Inexorablemente este comportamiento impacta en el consumo y en cómo las empresas se deben relacionar con sus públicos objetivo, por lo que ya no pueden mantenerse imparciales o neutrales ante temas políticos, económicos o sociales. Al respecto, basta referir lo que reveló el estudio Edelman Earned Brand de 2018, el cual señala que el 63 por ciento de los consumidores a nivel mundial prefieren comprar bienes y servicios de marcas que representan un propósito que refleja sus valores y creencias personales.

En este contexto, una de las tendencias que más han cobrado presencia es la conciencia sobre el medio ambiente; por ello hoy muchas marcas han adoptado filosofías como el Zero Waste, misma que propone una serie de reglas y acciones con el objetivo de reducir al máximo la producción de residuos.

De lo global a lo local

La preocupación y labor por crear conciencia sobre el impacto en el medio ambiente es una tendencia que ha crecido desde hace algunos años. 

En particular, en 2018 estos temas cobraron mayor protagonismo; marcas como Starbucks, McDonald’s, PepsiCo, Coca-Cola, Corona, Nestlé, entre otras, han reforzado sus acciones y programas relacionados con productos y políticas sostenibles. De hecho, un reporte de Euromonitor International sobre las principales tendencias de consumo encontró que una de más importantes es la reducción del consumo de plástico y cuidado del medio ambiente.

Esta es una visión global, pero si nos centramos al mercado mexicano, la percepción es que aún se tiene un poca cultura verde. Para algunos especialistas el shopper mexicano promedio aún no está dispuesto a comprar un artículo solo por esta cualidad, por lo que necesita una conexión más profunda con las marcas, una que vaya más allá de los beneficios inmediatos que la mercancía ofrezca.

Sin embargo, esto no quiere decir que no haya áreas de oportunidad, marcas como Coca-Cola, Walmart, Absolut, y Adidas entre otras, han emprendido acciones en pro del medio ambiente y el fomento de una consciencia por cuidarlo.

Esta postura, de acuerdo con Alberto Uncini, general manager de running en Adidas, está motivada por una empatía entre la filosofía de las empresas y los valores de los consumidores. “Estamos desafiando a nuestra empresa y a quienes nos rodean a pensar en las decisiones que toman y cómo afectan el futuro, no solo de nuestra industria sino también de nuestro planeta”, explica.

Quid pro quo

Es cierto que encontrar una afinidad entre los valores de las firmas y de los consumidores es muy importante, pero no sólo por cuestiones de branding o percepción de marca, sino porque tiene que ver con una cuestión de negocios.

Así lo refiere Brian Burlingame, CEO de JeffreyGroup, quien sostiene que en la actualidad “hay empresas que se están preocupando por temas como zero waste, y la razón por la que lo consideran es porque tiene sentido para sus negocios, el mercado está viendo muy bien la sustentabilidad, los inversionistas buscan este tipo de acciones, de estrategias.

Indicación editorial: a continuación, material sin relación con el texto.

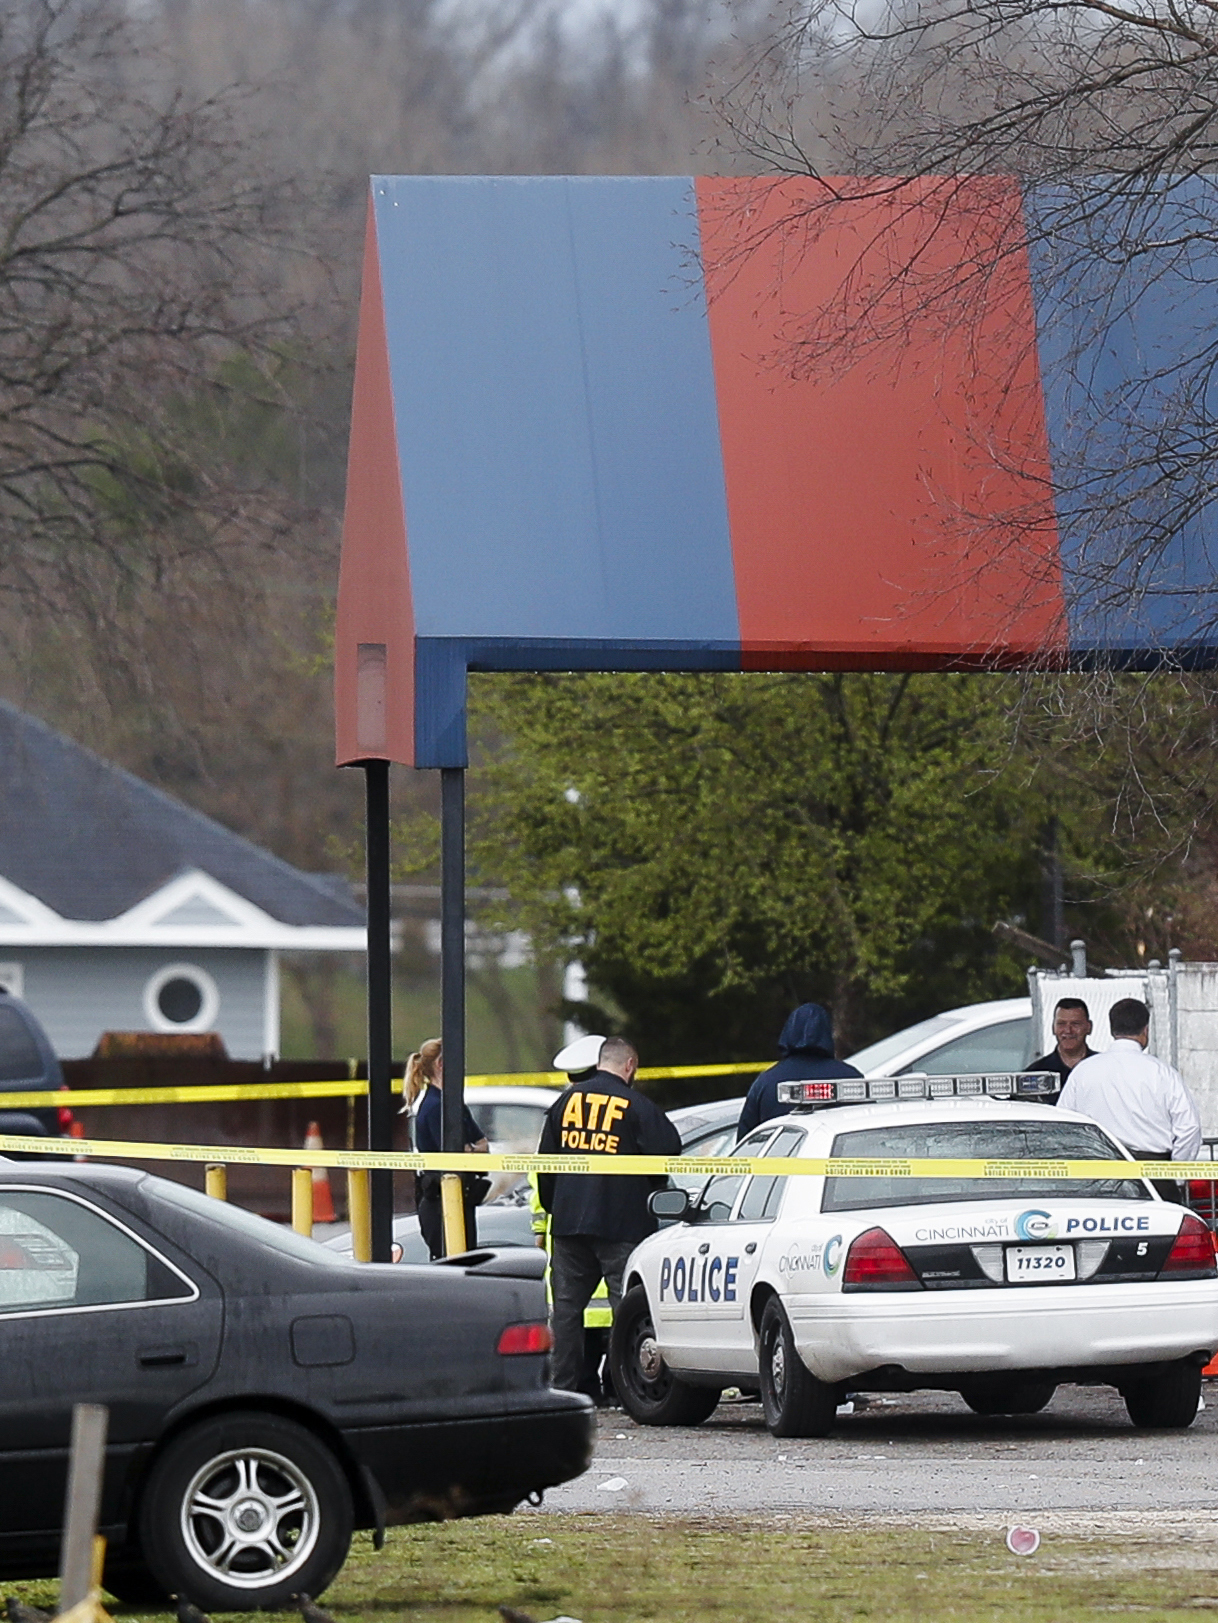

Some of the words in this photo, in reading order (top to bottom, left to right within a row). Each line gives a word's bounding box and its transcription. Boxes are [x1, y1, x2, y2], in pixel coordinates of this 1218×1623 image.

Entonces es crítico que las empresas tengan esa visión”.

El especialista revela un punto muy importante, “hablamos sobre el concepto de share value cuando hay un valor para la empresa, pero también para la sociedad”.

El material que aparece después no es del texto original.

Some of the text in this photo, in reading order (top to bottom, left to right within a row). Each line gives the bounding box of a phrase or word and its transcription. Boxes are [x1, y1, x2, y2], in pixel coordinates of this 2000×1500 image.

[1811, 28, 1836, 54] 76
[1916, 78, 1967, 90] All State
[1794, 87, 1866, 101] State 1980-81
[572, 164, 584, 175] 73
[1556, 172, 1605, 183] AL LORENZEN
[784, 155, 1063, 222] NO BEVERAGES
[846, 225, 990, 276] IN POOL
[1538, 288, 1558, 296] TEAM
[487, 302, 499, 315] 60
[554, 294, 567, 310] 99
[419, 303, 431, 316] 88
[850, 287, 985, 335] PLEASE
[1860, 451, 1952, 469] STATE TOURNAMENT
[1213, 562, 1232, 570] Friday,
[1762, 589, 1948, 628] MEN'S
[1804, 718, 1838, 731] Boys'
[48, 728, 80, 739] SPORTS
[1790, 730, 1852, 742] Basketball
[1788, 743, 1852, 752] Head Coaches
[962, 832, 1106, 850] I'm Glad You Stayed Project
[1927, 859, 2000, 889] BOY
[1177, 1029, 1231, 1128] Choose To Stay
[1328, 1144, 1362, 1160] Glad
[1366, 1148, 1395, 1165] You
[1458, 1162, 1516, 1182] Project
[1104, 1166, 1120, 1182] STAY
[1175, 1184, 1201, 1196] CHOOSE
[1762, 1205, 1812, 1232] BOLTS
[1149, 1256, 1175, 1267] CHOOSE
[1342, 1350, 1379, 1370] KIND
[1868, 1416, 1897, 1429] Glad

El reto está en encontrar un equilibrio. En ese sentido, Clarissa Pantoja, directora de Corona, expone que las marcas que emprenden programas o acciones de este tipo deben “demostrar que cada acción cuenta”. Por ello, apunta, “la clave es que la filosofía de la marca vaya de acuerdo con el propósito de esta”.

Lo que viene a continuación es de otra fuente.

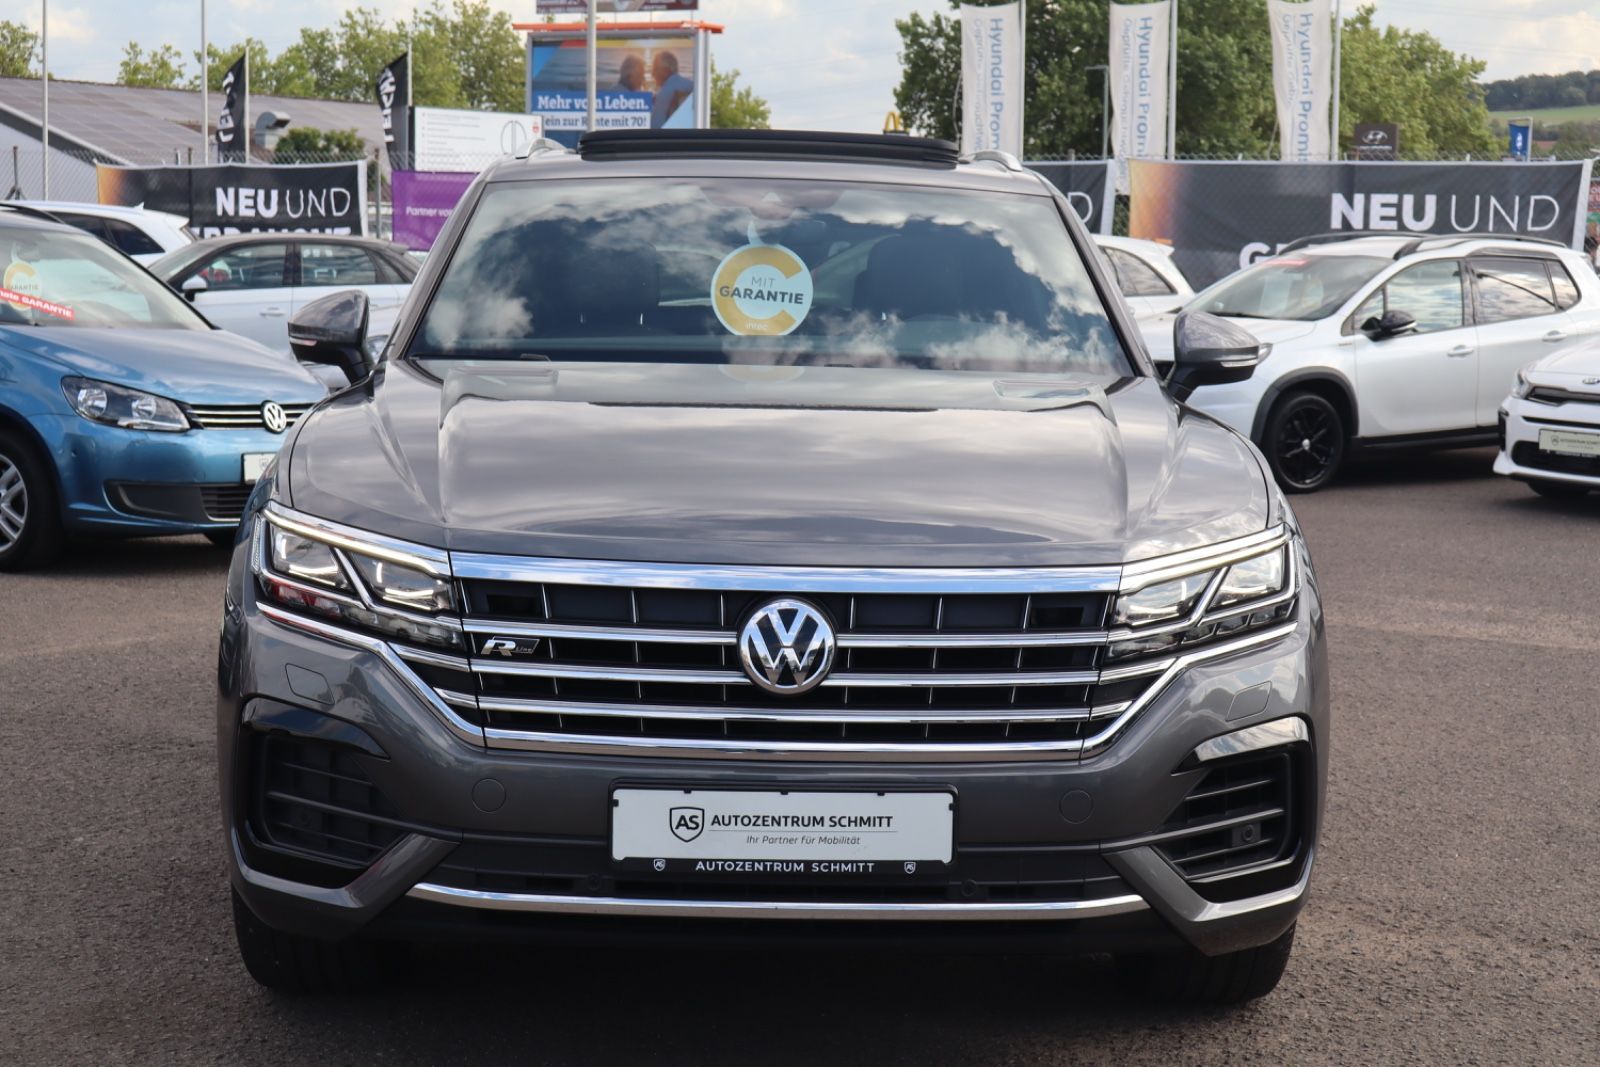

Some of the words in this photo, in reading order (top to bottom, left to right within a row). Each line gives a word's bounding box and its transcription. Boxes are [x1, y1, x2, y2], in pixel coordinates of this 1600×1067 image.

[989, 18, 1004, 97] Hyundai
[1136, 17, 1152, 97] Hyundai
[1297, 13, 1313, 95] Hyundai
[537, 94, 572, 110] Mehr
[604, 94, 649, 110] Leben.
[545, 116, 561, 127] ein
[563, 118, 579, 127] zur
[581, 116, 610, 127] Rnte
[612, 116, 628, 127] mit
[216, 186, 278, 218] NEU
[285, 187, 351, 219] UND
[406, 205, 437, 217] Partner
[1330, 192, 1437, 231] NEU
[1450, 193, 1560, 232] UND
[751, 275, 776, 288] MIT
[719, 285, 804, 305] GARANTIE
[21, 295, 73, 318] GARANTIE
[480, 639, 517, 657] R
[744, 603, 830, 691] VW
[674, 814, 700, 830] AS
[710, 814, 825, 828] AUTOZENTRUM
[828, 815, 893, 828] SCHMITT
[746, 835, 759, 845] Ihr
[762, 835, 798, 845] Partner
[801, 835, 815, 845] für
[818, 835, 861, 846] Mobilität
[695, 861, 805, 873] AUTOZENTRUM
[811, 862, 875, 874] SCHMITT

Lo cierto es que el verdadero valor del marketing con causa depende de si la marca se involucra o no en las prácticas que coinciden con su mensaje. De tal forma, el que sean autenticas y honestas es fundamental para que el consumidor las reconozca y apropie.

Así es en el presente y lo será en el futuro en México y el mundo. Es palpable la preocupación económica y social por parte de las personas y eso se refleja en el consumo. Por ello, las marcas están obligadas a involucrarse de manera activa si quieren alinearse a los nuevos anhelos del mercado.